Mind Your Grabby Hands
I work in a distribution warehouse, and my team’s jobs include assigning and bringing printed tickets to the right group(s), coordinating issues between sales and the warehouse, figuring out who to bump issues from the warehouse back to, etc. Basically, we’re the middlemen handling everything going back and forth between the warehouse and the rest of the company. For the most part, my supervisor lets us do our jobs properly, as he’s always got his own tasks, questions to answer, emails to respond to, etc. It’s refreshing, actually. He does have a very odd form of micro-managing, though.
Whenever HE gets caught up, he starts getting grabby. A group email just came in? He has to instantly answer it without gathering information. A ticket gets opened? He has to instantly do it. There’s kickback from the shipping department? He has to jump up to go grab it.
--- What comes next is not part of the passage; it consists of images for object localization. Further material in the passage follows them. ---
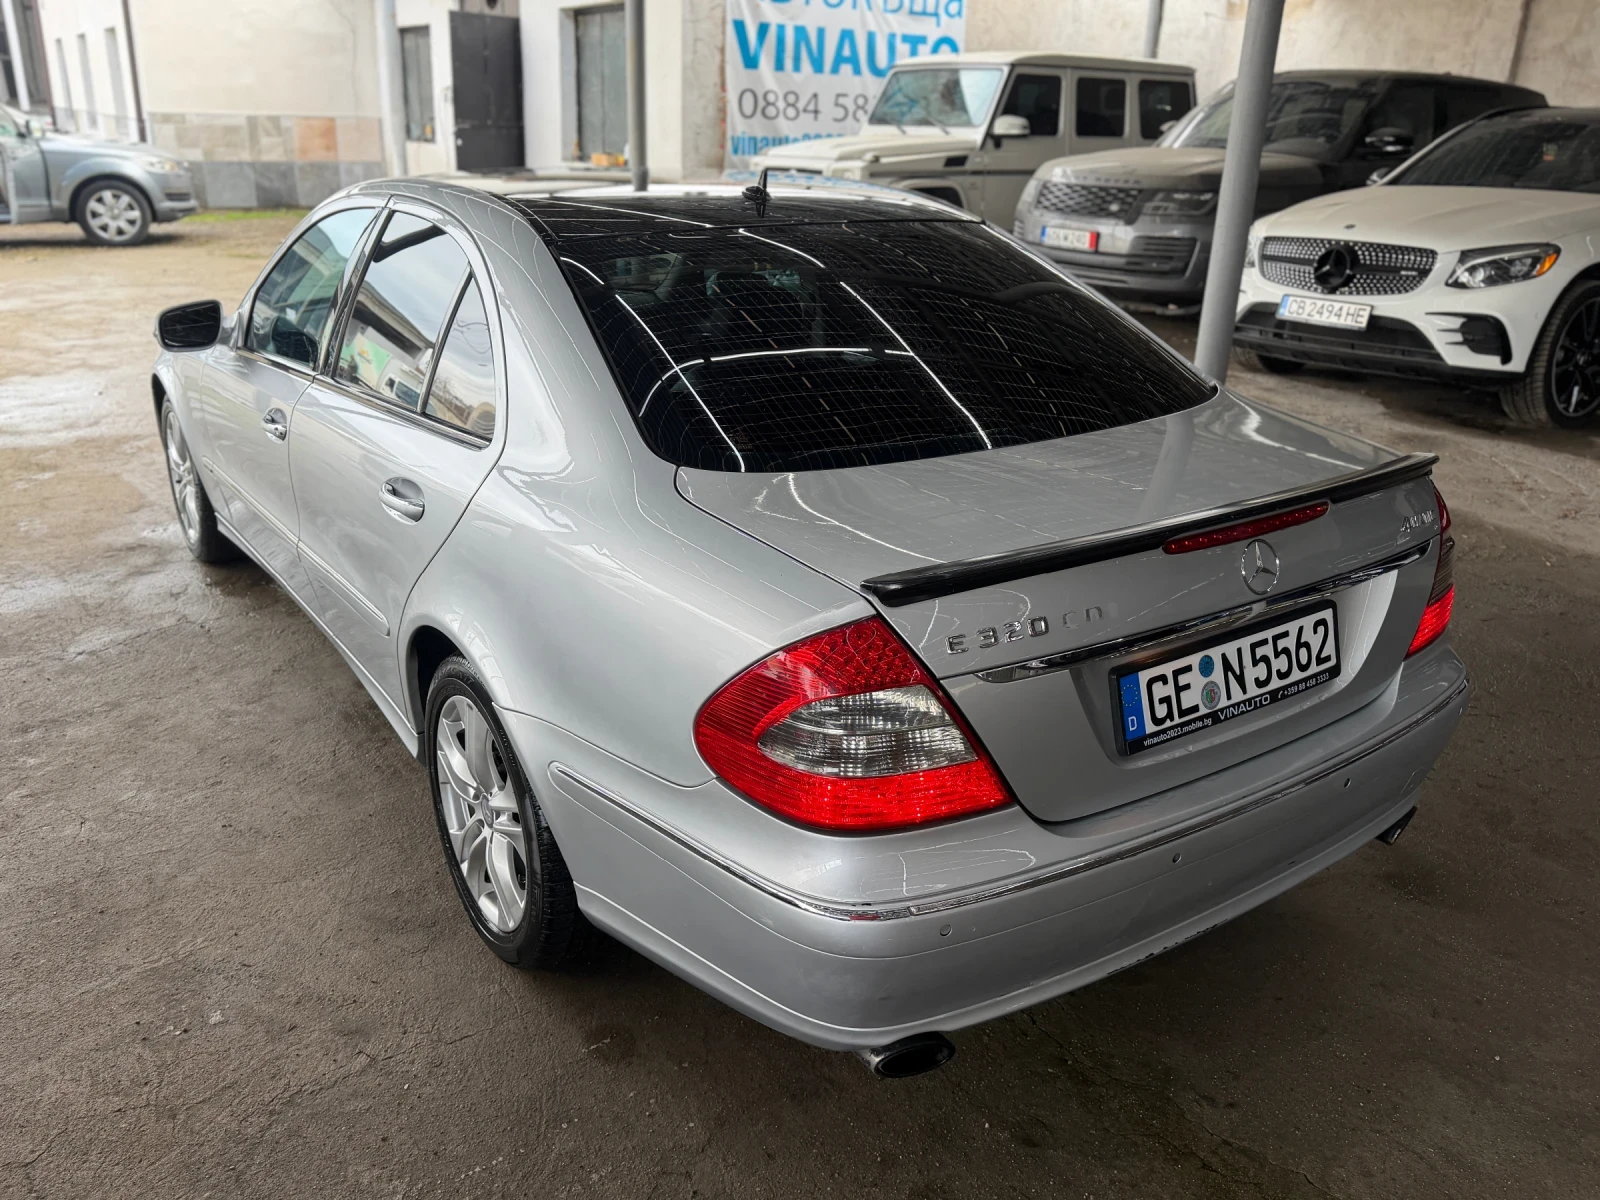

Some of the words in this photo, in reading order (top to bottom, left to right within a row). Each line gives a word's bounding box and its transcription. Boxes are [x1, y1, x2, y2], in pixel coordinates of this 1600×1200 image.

[738, 88, 821, 122] 0884
[1287, 299, 1305, 316] CB
[1307, 302, 1342, 320] 2494
[1344, 307, 1367, 325] HE
[945, 633, 969, 655] E
[976, 615, 1049, 649] 320
[1146, 664, 1200, 728] GE
[1127, 715, 1138, 732] D
[1143, 717, 1213, 747] vinauto2023.mobile.bg
[1218, 695, 1271, 721] VINAUTO
It doesn’t matter that there are four other people on the team doing our jobs and that nothing sits around for more than one or two minutes; he snatches up anything the instant it’s open.
In all honesty, this wouldn’t be a bad thing, except that [Supervisor] then turns around and starts making unintentionally (I think) snide comments about “doing our job for us” and/or how we “need to go faster”. He’s always saying it in a “joking” tone, but it’s a little too consistent for comfort.
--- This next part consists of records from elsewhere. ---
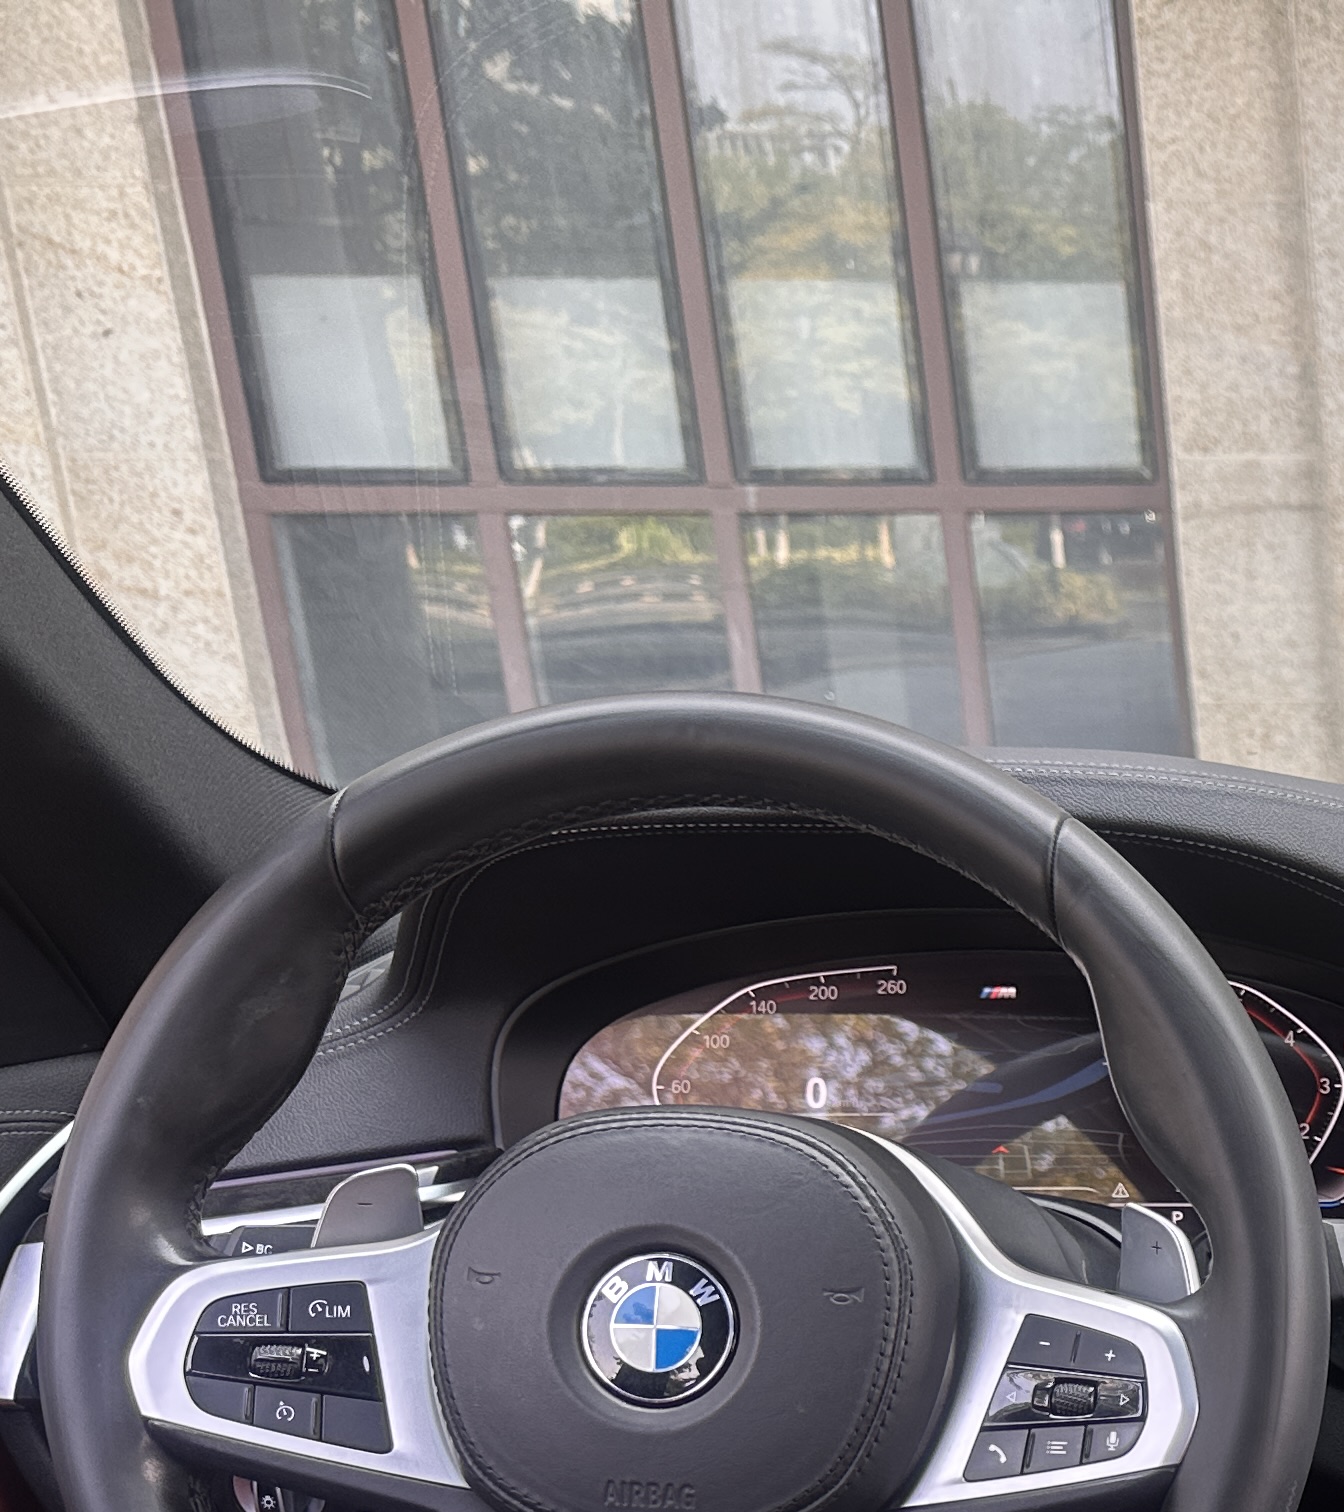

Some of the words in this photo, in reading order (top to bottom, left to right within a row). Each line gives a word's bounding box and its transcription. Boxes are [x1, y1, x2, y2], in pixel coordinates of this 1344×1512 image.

[808, 985, 839, 1001] 200
[876, 979, 907, 996] 260
[749, 1000, 777, 1016] 140
[703, 1034, 731, 1050] 100
[1284, 1030, 1296, 1047] 4
[671, 1079, 692, 1095] 60
[806, 1077, 828, 1109] 0
[1319, 1077, 1331, 1095] 3
[1300, 1122, 1310, 1140] 2
[1172, 1210, 1184, 1225] P
[601, 1260, 721, 1307] BMW
[231, 1302, 258, 1315] RES
[325, 1305, 351, 1318] LIM
[217, 1315, 272, 1328] CANCEL
[603, 1479, 697, 1510] AIRBAG
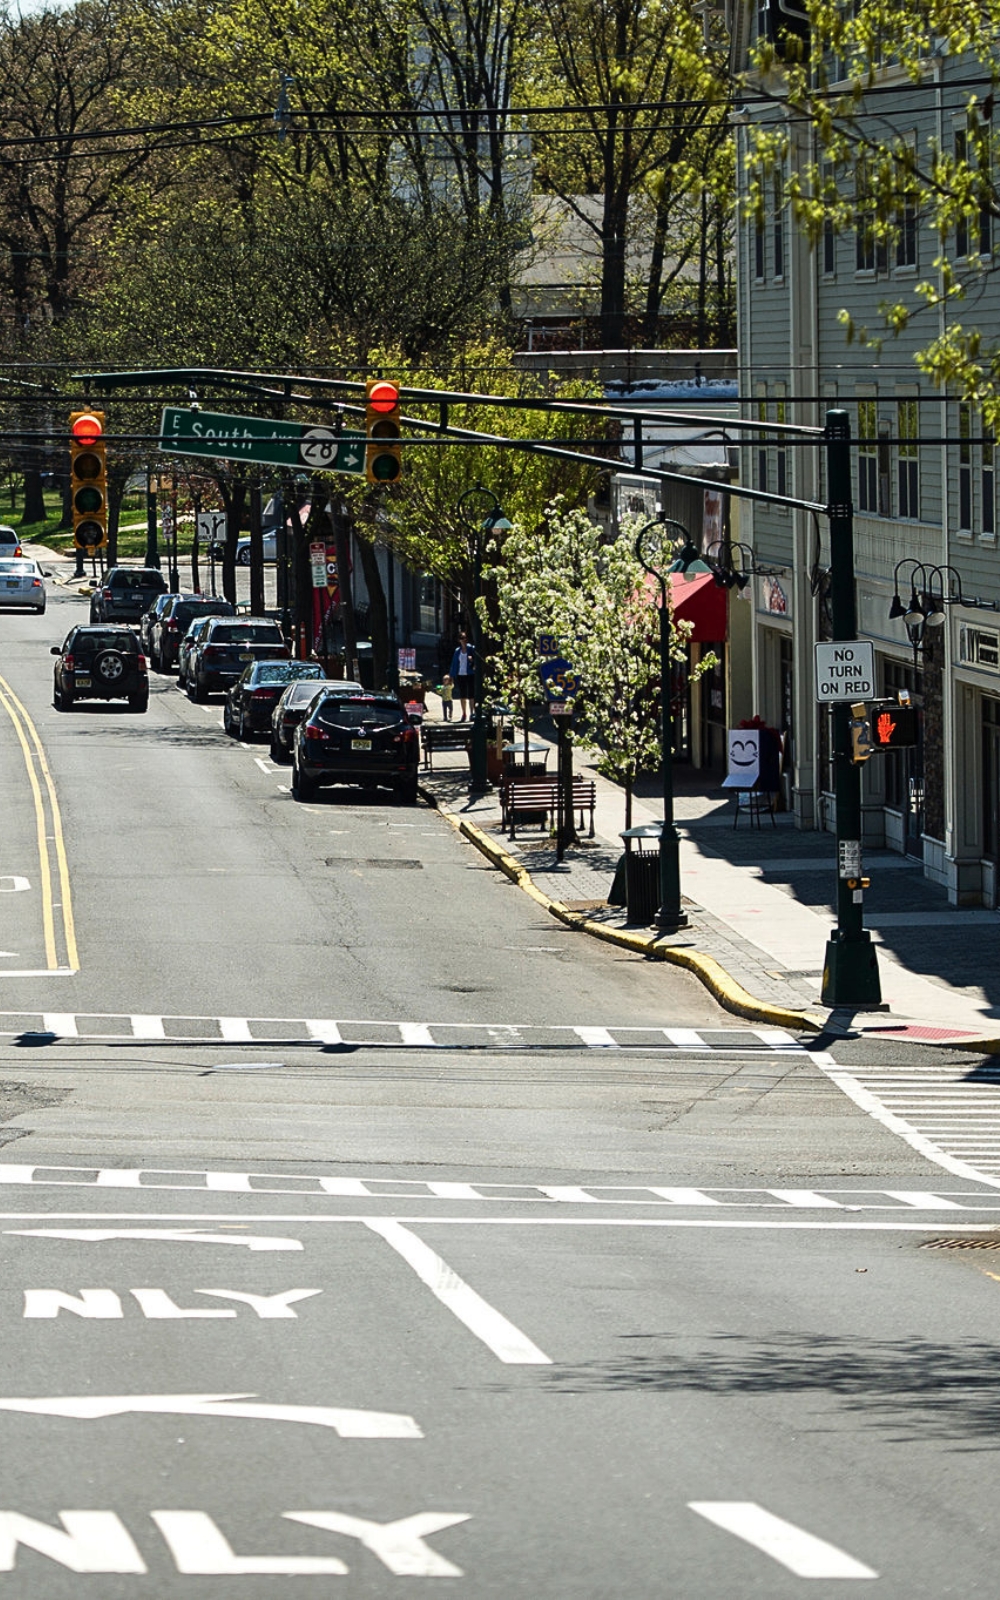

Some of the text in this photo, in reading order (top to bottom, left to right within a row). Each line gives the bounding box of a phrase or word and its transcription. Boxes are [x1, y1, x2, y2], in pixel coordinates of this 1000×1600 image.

After a few weeks of this, where he is doing it all through the day instead of once or twice a week, and our responses are falling on deaf ears, we finally schedule a meeting with the supervisor and someone from Human Resources to air our grievances and get things sorted.
A lot of this is condensed from multiple people voicing the same issue and removing company-specific jargon, so I’ll just refer to “us” for the most part.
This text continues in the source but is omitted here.